Difficulties Caring for Terminally Cancer Patients at Home : Family Caregivers' and Homecare Providers' Perspectives Yoko Ishii 1 , Mitsunori Miyashita 2 , Kazuki Sato 2 , Taketoshi Ozawa 3 1Ohtawara Red Cross Hospital 2School of Health Sciences, Graduate School of Medicine, Tohoku University 3Megumi Home Care Clinic Keyword: 家族介護者 , がん患者 , 終末期 , 在宅療養 , 困難 , family's caregiver , cancer patient , the end of life , home care , difficulty pp.24-36
Published Date 2011/5/25
  • Abstract
  • Reference

Abstract

 Context: In Japan the incidence of many types of cancer is increasing and due to earlier discharges from the hospital, homecare needs are also increasing. End-of-life homecare is a recent trend; cancer patients may feel very burdened knowing their families are exhausted and anxious attempting to provide their homecare. However, there is no research about what types of difficulties the family caregivers have in managing patients at home.

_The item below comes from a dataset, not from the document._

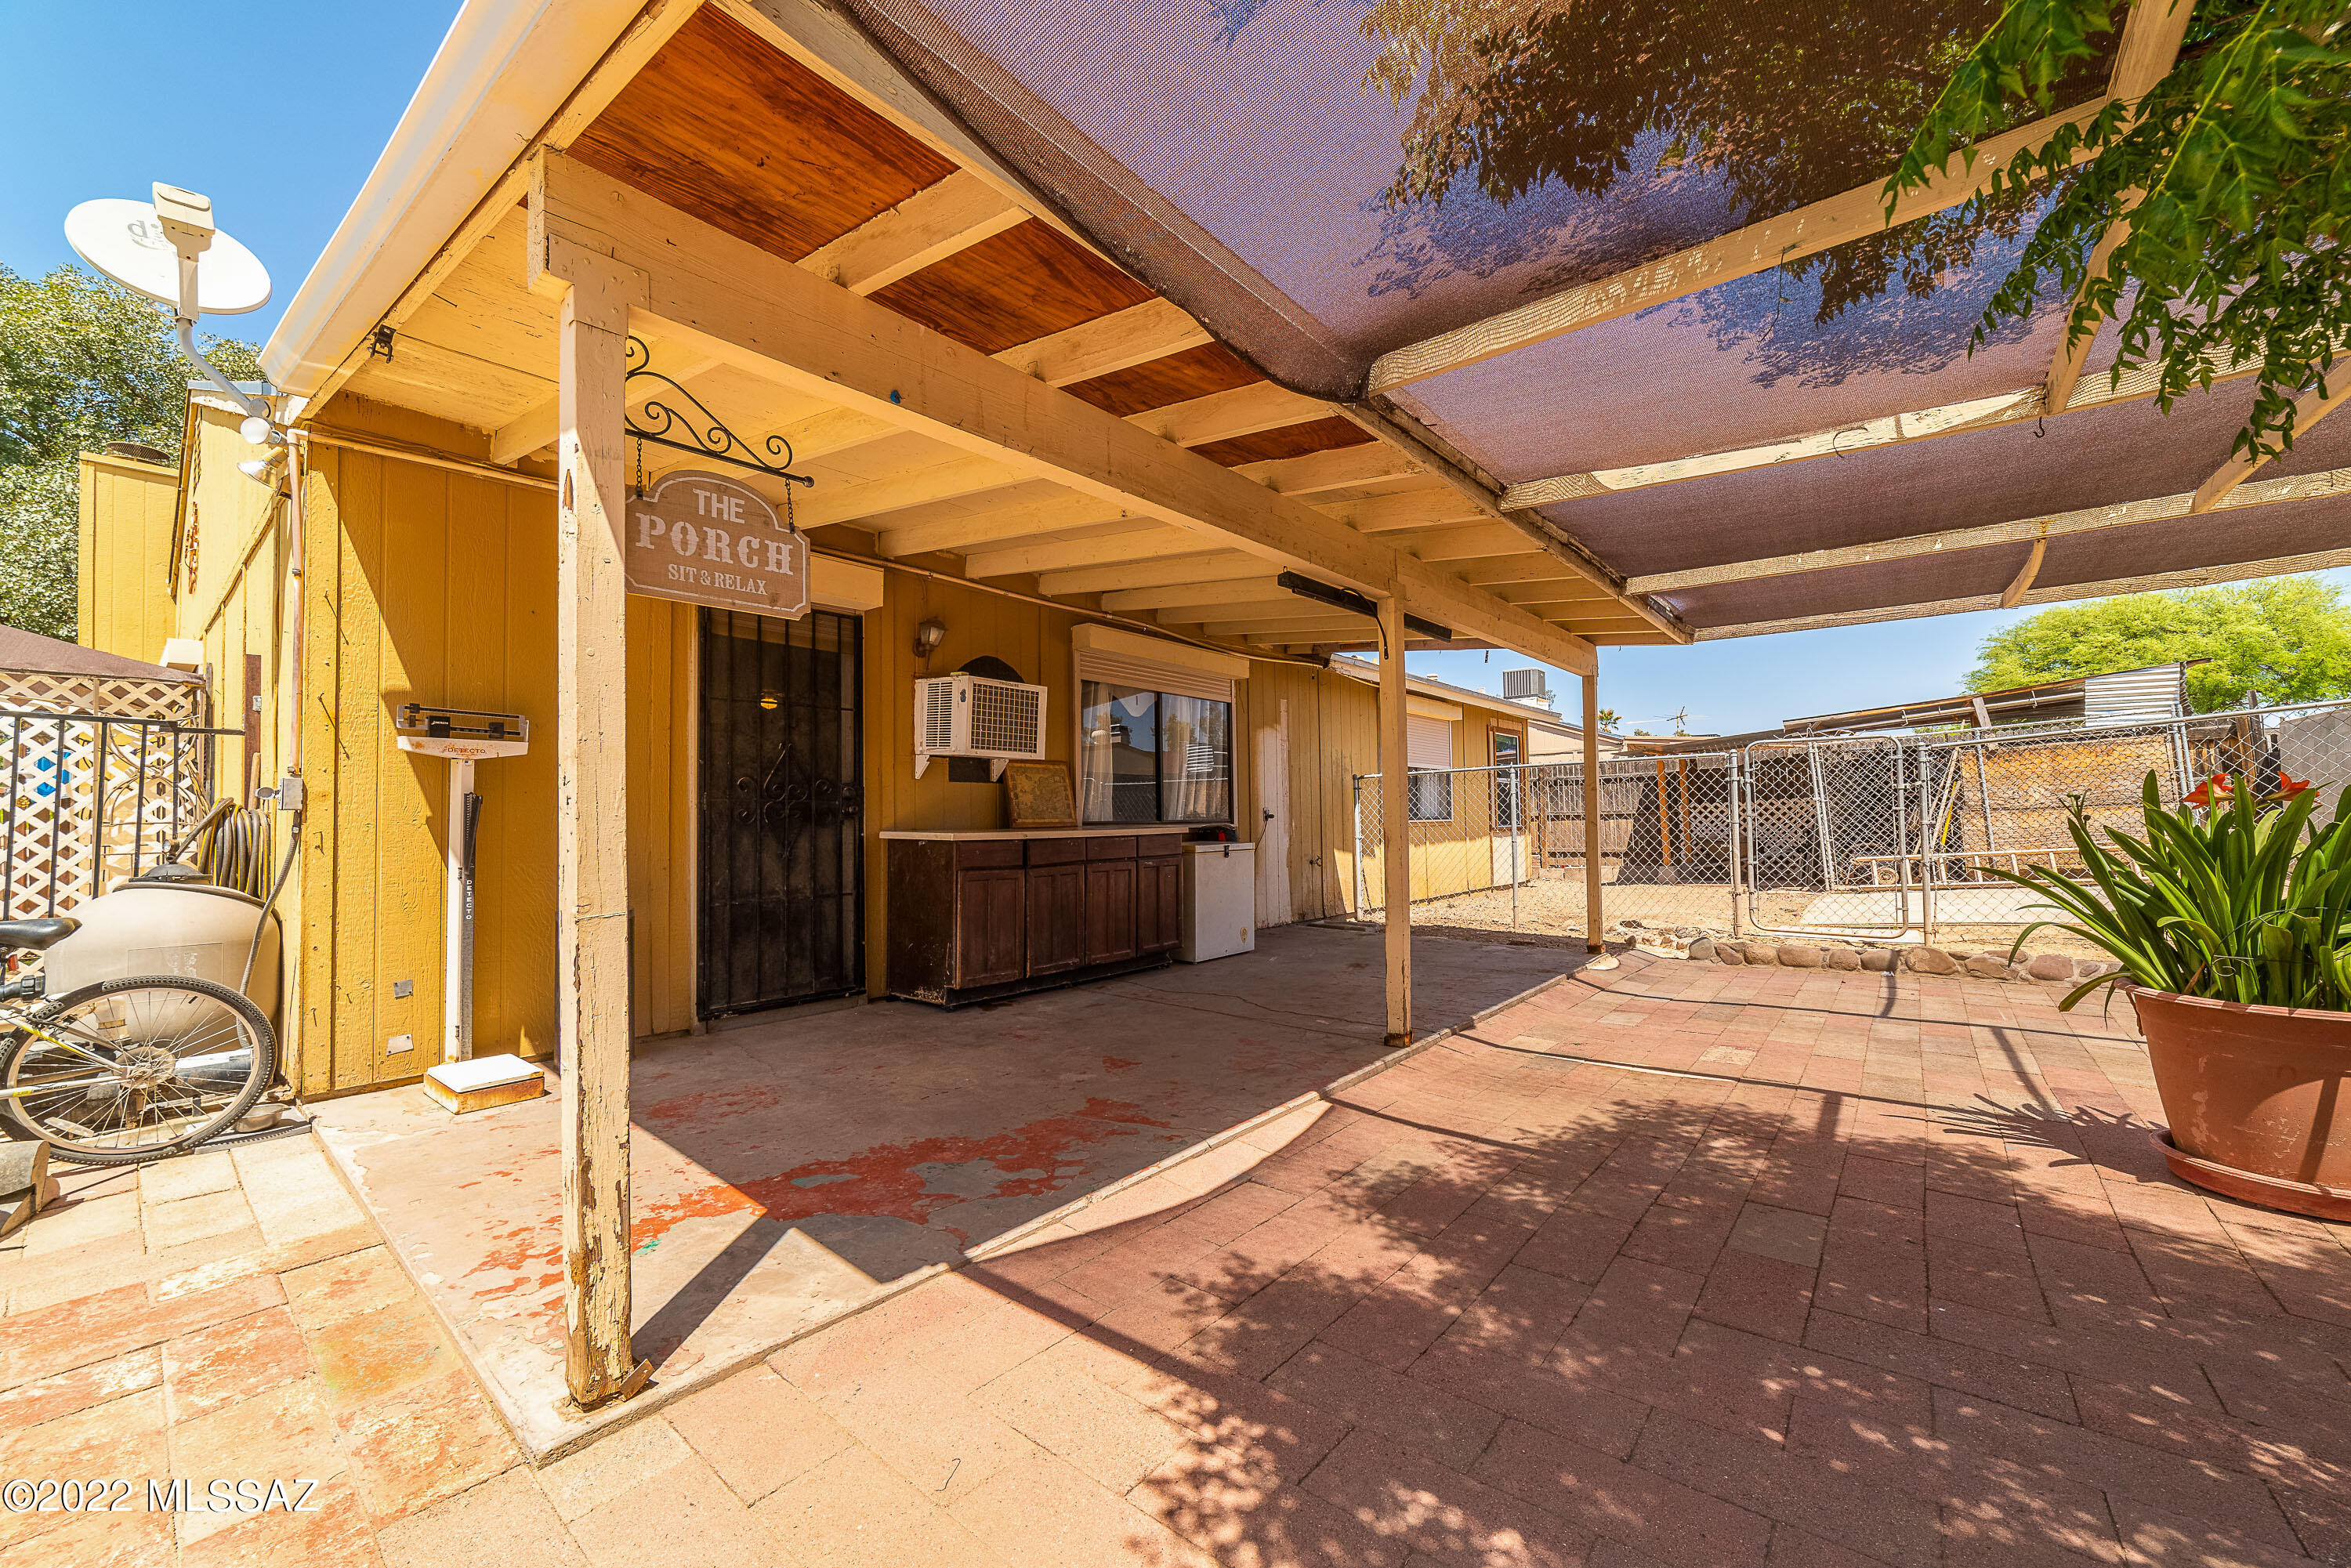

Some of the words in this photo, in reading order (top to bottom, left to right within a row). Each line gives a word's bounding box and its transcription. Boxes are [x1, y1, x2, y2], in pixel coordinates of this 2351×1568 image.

 Objective: The purpose of this study was to identify the difficulties encountering family caregivers in providing home-based terminal care for cancer patients.

 Methods: Semi-structured interviews were conducted with seven family caregivers and five homecare providers(N=12)to identify the difficulties providing home care. Data were analyzed quantitatively using content analysis.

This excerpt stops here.